Problem requirements: Repeat each line of the data below exactly, but skip the pictures.

Input:

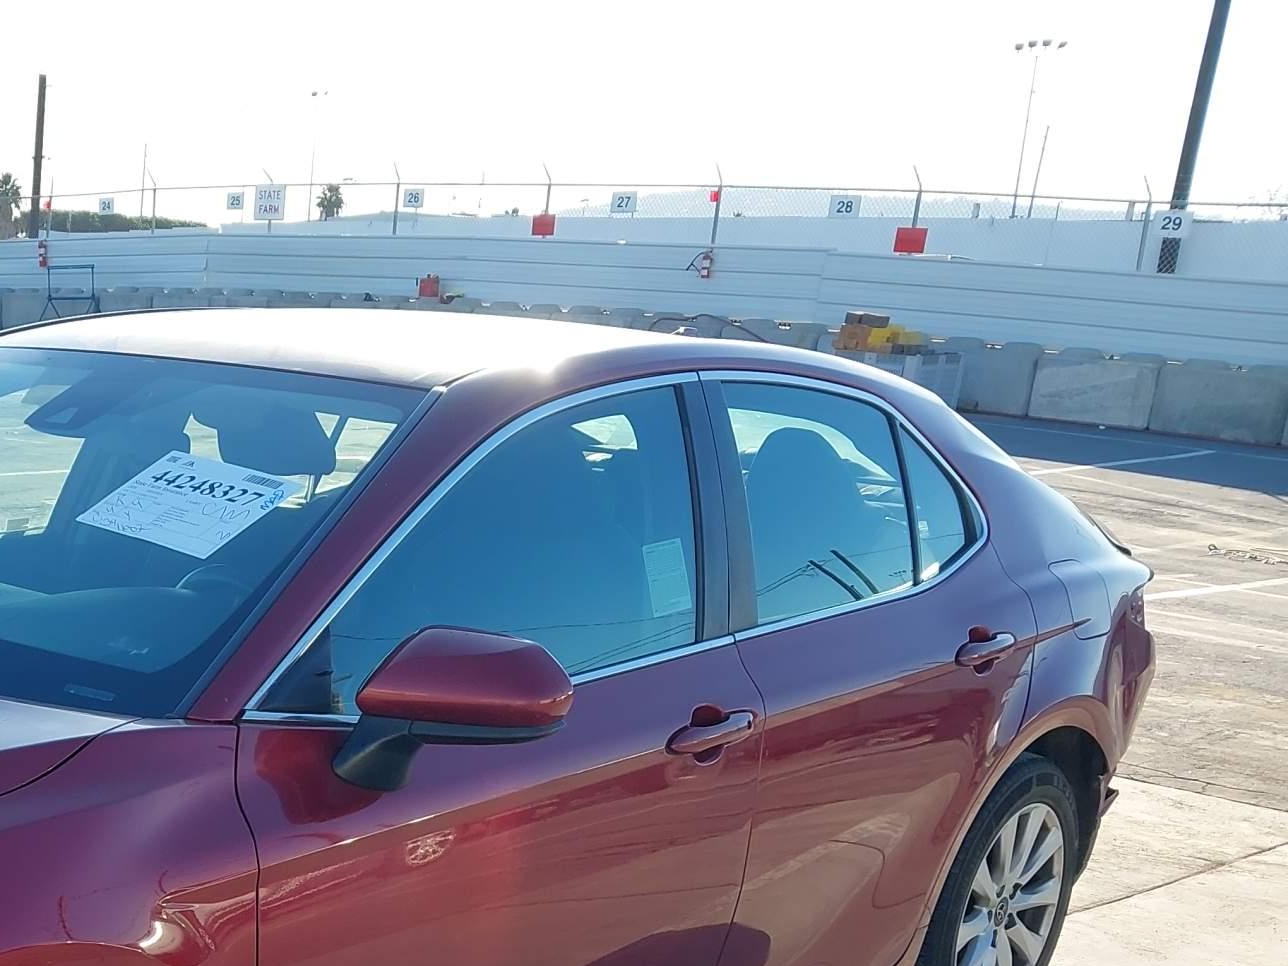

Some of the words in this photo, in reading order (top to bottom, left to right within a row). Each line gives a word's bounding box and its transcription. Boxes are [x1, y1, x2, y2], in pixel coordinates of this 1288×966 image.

[230, 195, 241, 206] 25
[258, 190, 281, 201] STATE
[407, 192, 420, 204] 26
[101, 201, 111, 212] 24
[616, 196, 631, 208] 27
[836, 200, 853, 214] 28
[258, 203, 280, 215] FARM
[1160, 215, 1183, 231] 29
[152, 470, 264, 506] 44248327

Exercise output:
Some of the words in this photo, in reading order (top to bottom, left to right within a row). Each line gives a word's bounding box and its transcription. Boxes are [x1, y1, x2, y2], in pixel coordinates of this 1288×966 image.

[230, 195, 241, 206] 25
[258, 190, 281, 201] STATE
[407, 192, 420, 204] 26
[101, 201, 111, 212] 24
[616, 196, 631, 208] 27
[836, 200, 853, 214] 28
[258, 203, 280, 215] FARM
[1160, 215, 1183, 231] 29
[152, 470, 264, 506] 44248327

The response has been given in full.